Entre hiver et printemps
	  Mais à l'instant où je m'y attendais le moins, 
      le paysage changea. Je traversai une rangée d'aulnes et me trouvai 
      dans un verger de paradis murmurant de ruisseaux, tout empli d'une senteur 
      un peu acide de jacinthes. Les minces bouleaux blancs, sans ombre, frémissaient.
      Je baignai mes pieds dans le courant glacé et, plus tranquille, je 
      repris ma promenade. Une seconde fois ce fut le désert, mais un désert 
      ordonné comme un jardin. Sur la roche à nu, les lichens bruns, 
      parsemés de touffes d'armoise et de lavande naine, quelques buissons 
      de genévrier sabine formaient des massifs sombres. Le entier de fine 
      poussière blanche tournait sur ce plateau qui dominait la plaine. 

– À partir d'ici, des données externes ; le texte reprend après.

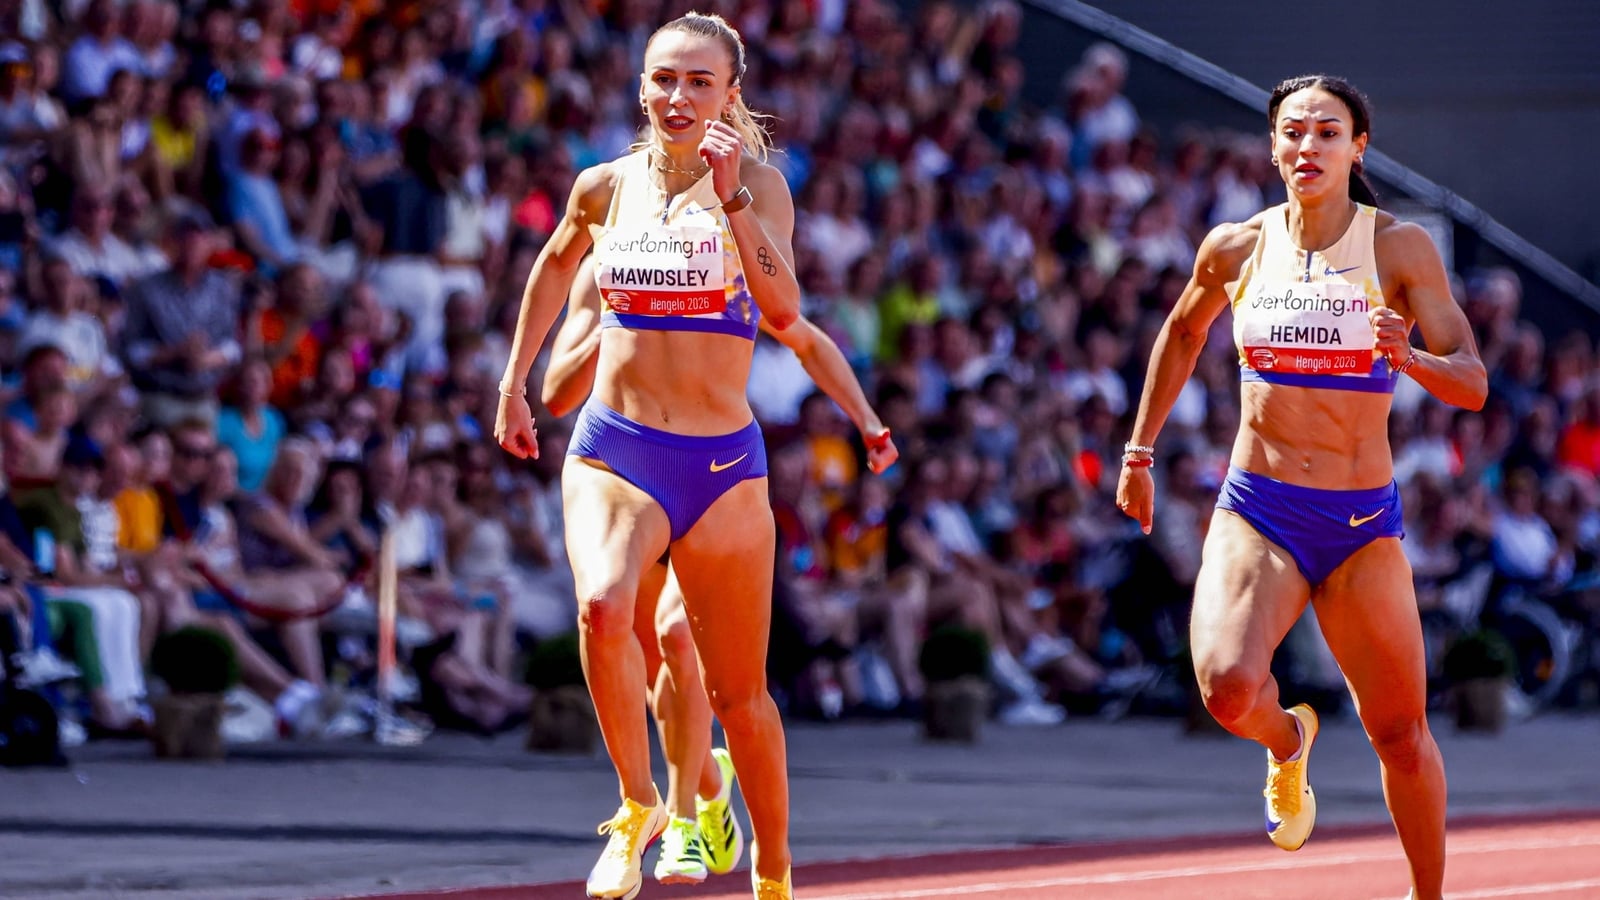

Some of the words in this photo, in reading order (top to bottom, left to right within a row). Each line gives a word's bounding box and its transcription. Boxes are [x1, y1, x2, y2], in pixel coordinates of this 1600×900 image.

      En dessous de moi volaient les chocards. Je n'apercevais plus le hameau. 

      De nouvelles surprises m'attendaient. D'abord une forêt de pins noirs 
      et je marchai dans cette nuit, traversée de bisses, comme de voies 
      lactées qui se perdaient sous les arbres pour aller se jeter là-bas 
      dans le torrent.
      Les pins, ici, peut-être à cause de l'inclinaison du sol et 
      de sa pauvreté, avaient des formes insolites : les chênes aussi, 
      les saules, les argousiers. En vérité, tout ici était 
      autre.
      Revenue sur le plateau, je ne retrouvai plus le premier chemin. 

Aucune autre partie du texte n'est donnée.